Это был не он. Похож, но не он, просто молодой мужчина, смотревший растерянно и с настороженностью, как на городскую сумасшедшую. Но вместо облегчения или стыда Ника почувствовала себя обманутой. И внутренняя истерика внезапно сменилась металлическим, обездвиживающим страхом. Будто весь мир обледенел, покрылся прозрачной твердой коркой, пошел морозными узорами и оказался отделенным от того содрогнувшегося существа, которое именовалось Никой. Она снова оказалась взаперти, не в клетке, а скорее в аквариуме, беззвучно открывая рот и не имея возможности даже вздохнуть, не то что крикнуть.
Весь день продолжалось то же самое. Ника честно пыталась разобраться в себе, надеясь, что логика победит иррациональный ужас. Она не Римма Корсакова, чтобы видеть призраков – или придумывать их. Но ее нутро не слушало доводов рассудка.
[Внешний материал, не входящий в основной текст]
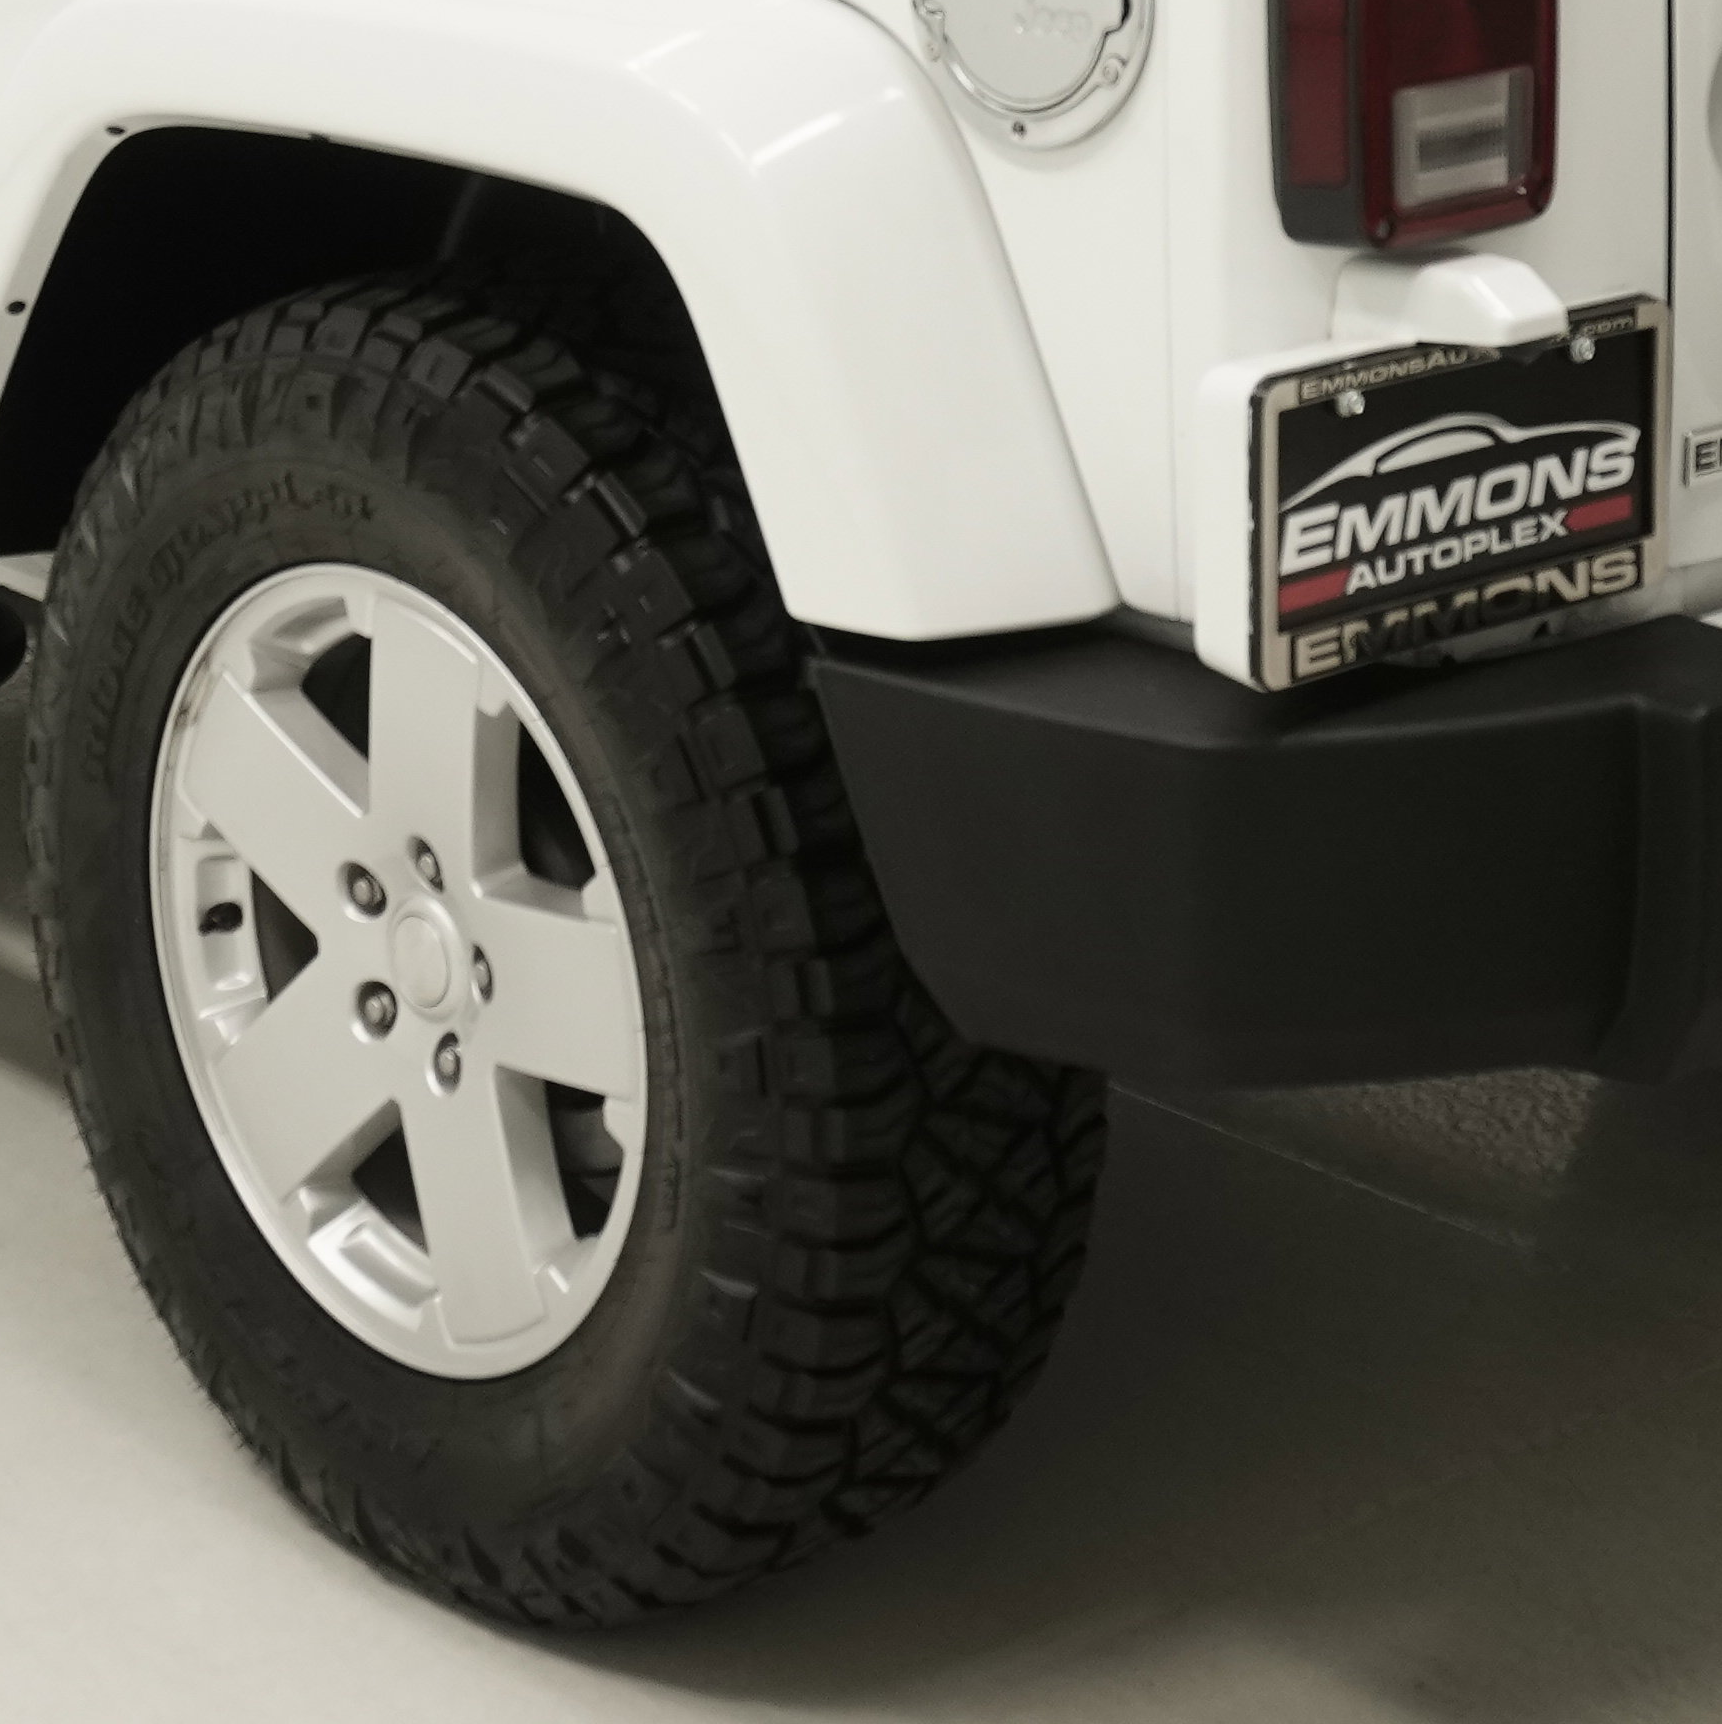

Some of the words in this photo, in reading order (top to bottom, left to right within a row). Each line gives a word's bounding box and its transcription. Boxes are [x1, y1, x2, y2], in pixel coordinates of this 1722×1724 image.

Ника провела эту бесконечную среду, сидя в кассе и борясь с желанием запереть дверь. Каждое новое проникновение – приход Дашки, Реброва, Липатовой – поднимало зимний ветер в ее душе, и мирные зеленые листья, которыми она успела обрасти изнутри за годы в театре, скукоживались, чернели и облетали, обожженные морозом. К вечеру она явственно осознала, что есть лишь один способ вернуть все на места: самой вернуться на место. К началу.
– С ума сошла? Какой отпуск? Сейчас? – Липатова кипятилась. – До премьеры всего ничего! Куча дел. Репетиции, танцы. Нет, нет…
– Лариса Юрьевна. – Нике было совершенно безразлично, кричит ли на нее худрук, упирается ли. Она знала, что все равно поедет. – Мне необходимо. Несколько дней. Считайте, что по семейным обстоятельствам.
– «Считайте»? – задохнулась та. – То есть на самом деле не по семейным, но…
– По гораздо более важным, – отрезала Ника. Так безапелляционно, что Липатова перестала спорить. Она упрямилась молча, без остановки качая головой, всем своим видом демонстрируя категорическое несогласие. И когда Нике это надоело, она просто вышла. Липатовой придется смириться с ее отсутствием, так или иначе.
До конца дня при виде Ники Липатова только неодобрительно поджимала губы. Зато она поразила девушку, когда окликнула в коридоре мужа – спустя столько дней, проведенных бок о бок с ним без единого словечка.
– Борис, я травяной сбор заварила. Для твоего желудка.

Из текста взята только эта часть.